I have an error in the hypothesis h₃, where I want to state that the union of all the subgroups make up the entire group, but I cannot use equality because there is a mismatch between set G and G itself. How can I get around this?

#### Thomas Laraia (Jul 23 2021 at 09:11):

Ignore the let L statement in the proof, have decided to create the union as a hypothesis in the beginning instead.

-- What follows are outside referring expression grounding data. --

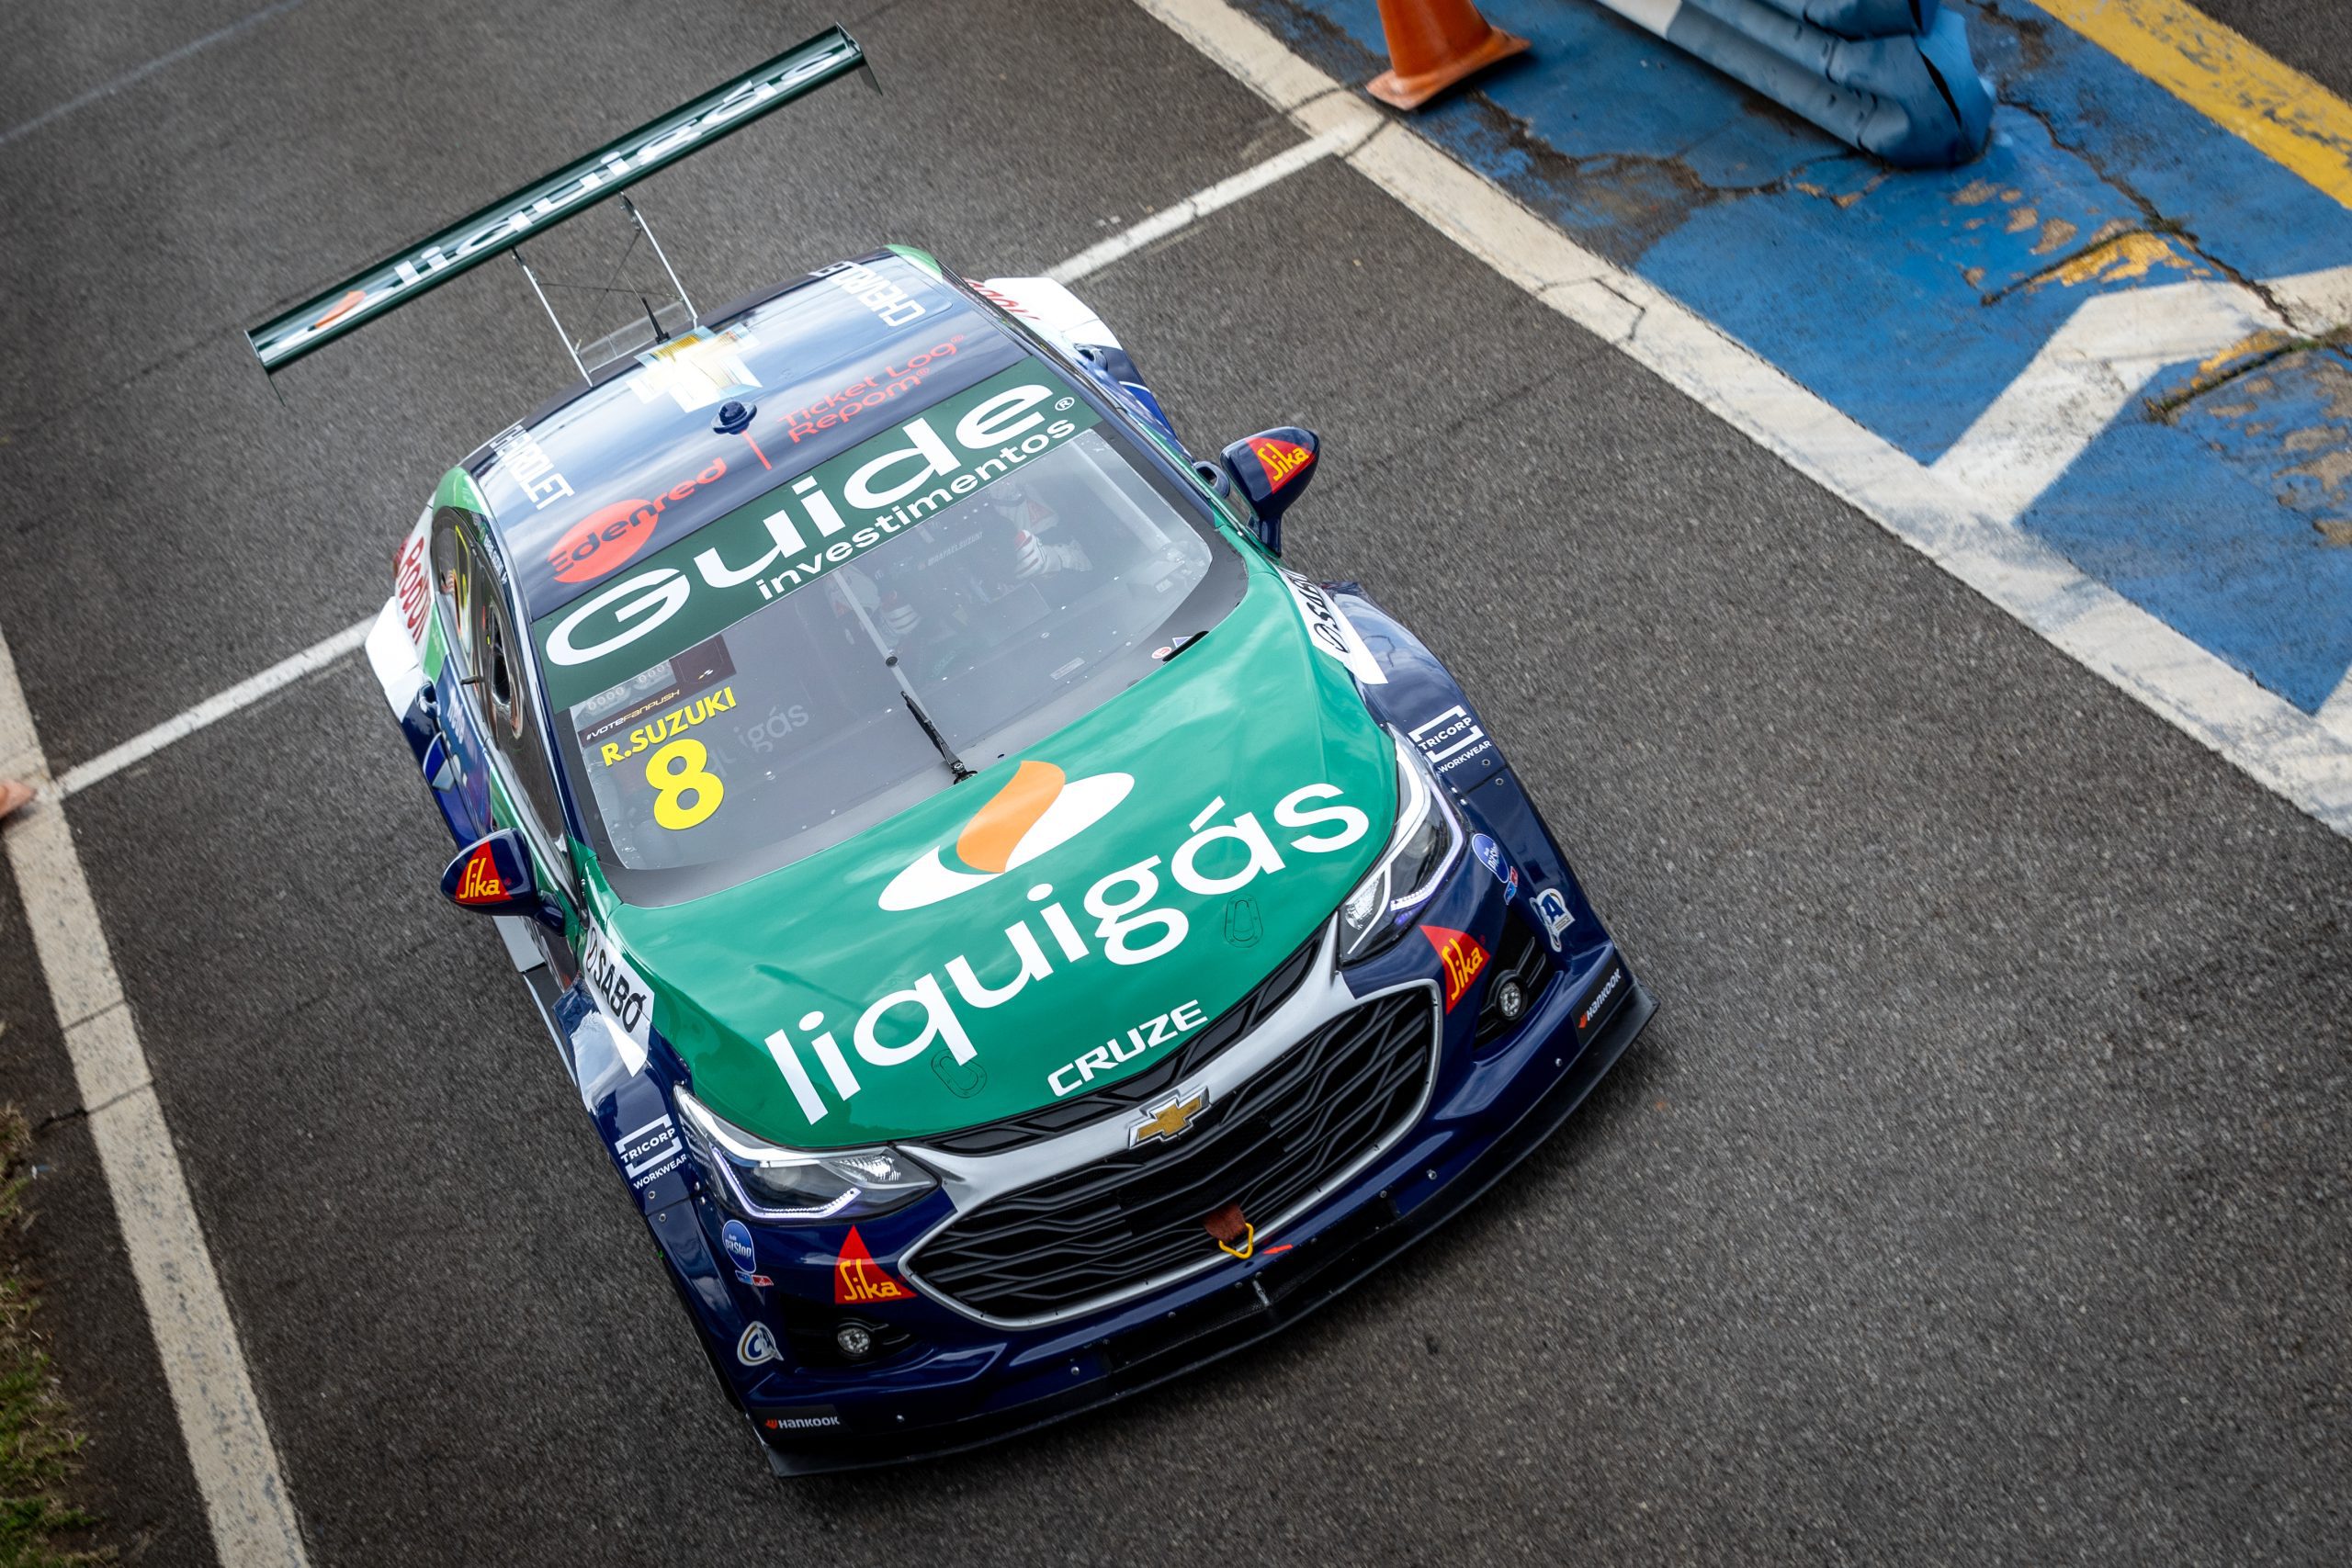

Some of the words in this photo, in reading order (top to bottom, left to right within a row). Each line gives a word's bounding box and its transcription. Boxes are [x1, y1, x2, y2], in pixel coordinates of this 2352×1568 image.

[777, 375, 878, 427] Ticket
[885, 342, 957, 378] Log
[787, 374, 922, 444] Repom
[1256, 442, 1309, 481] Sika
[546, 384, 1054, 666] Guide
[547, 457, 727, 579] Edenred
[756, 419, 1076, 600] investimentos
[601, 686, 737, 766] R.SUZUKI
[1419, 716, 1472, 750] TRICORP
[1438, 739, 1492, 773] WORKWEAR
[645, 739, 724, 829] 8
[458, 857, 501, 899] Sika
[764, 783, 1370, 1125] liquigás
[1441, 937, 1483, 1001] Sika
[1047, 998, 1208, 1098] CRUZE
[620, 1126, 676, 1165] TRICORP
[633, 1153, 688, 1191] WORKWEAR
[839, 1258, 901, 1302] Sika

#### Eric Wieser (Jul 23 2021 at 09:14):

Can you fix the first line of your code so that it says    and not  import tactic?    has to be on its own line, otherwise it interprets import tactic as the language to use for highlighting

#### Eric Wieser (Jul 23 2021 at 09:16):

How can I get around this?

The RHS should be set.univ G set.univ , ie "the set of all elements in G"

#### Thomas Laraia (Jul 23 2021 at 09:20):

Ah I see, I remember reading that, thank you!

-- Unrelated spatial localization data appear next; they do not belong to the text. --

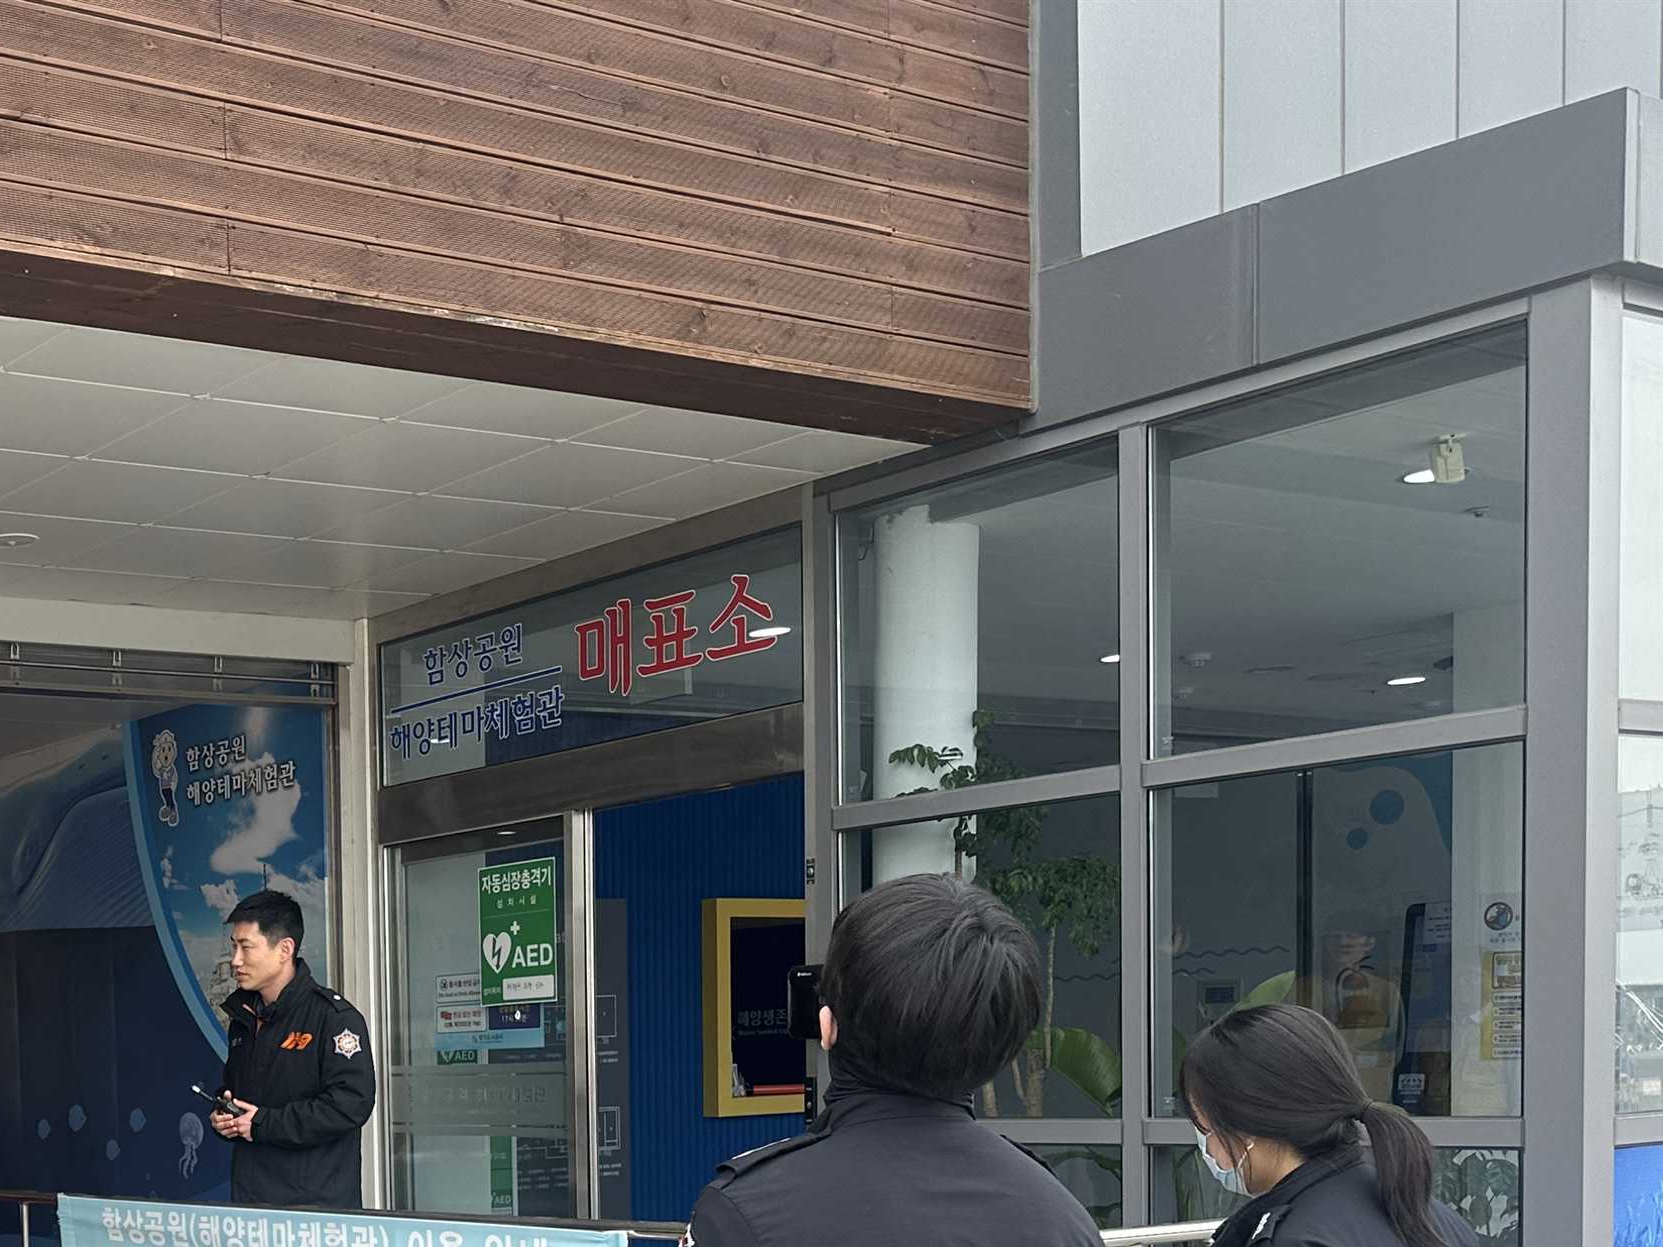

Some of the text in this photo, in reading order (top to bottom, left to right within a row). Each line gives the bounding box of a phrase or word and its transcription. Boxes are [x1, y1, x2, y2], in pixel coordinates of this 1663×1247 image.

[422, 622, 524, 686] 함상공원
[574, 573, 779, 697] 매표소
[388, 683, 565, 762] 해양테마체험관
[185, 735, 247, 773] 함상공원
[186, 760, 296, 807] 해양테마체험관
[481, 865, 552, 895] 자동심장충격기
[511, 943, 554, 969] AED

#### Thomas Laraia (Jul 23 2021 at 09:24):

I have another type mismatch between set.univ G being a Prop and returning true and needing a set G. I think I can find the fix for this though, no worries.

#### Thomas Laraia (Jul 23 2021 at 09:25):

Such as perhaps (set.univ : set G).

#### Eric Wieser (Jul 23 2021 at 09:26):

Yes, you're right: docs#set.univ

#### Eric Wieser (Jul 23 2021 at 09:27):

set.univ by itself should work, it can work out set G from the LHS

#### Thomas Laraia (Jul 24 2021 at 12:53):

Is there a way then to prove that fintype.card G = fintype.card (set.univ : set G)? Seems almost trivial to say the size of a finite group is the same size as the subgroup with all the elements of the group.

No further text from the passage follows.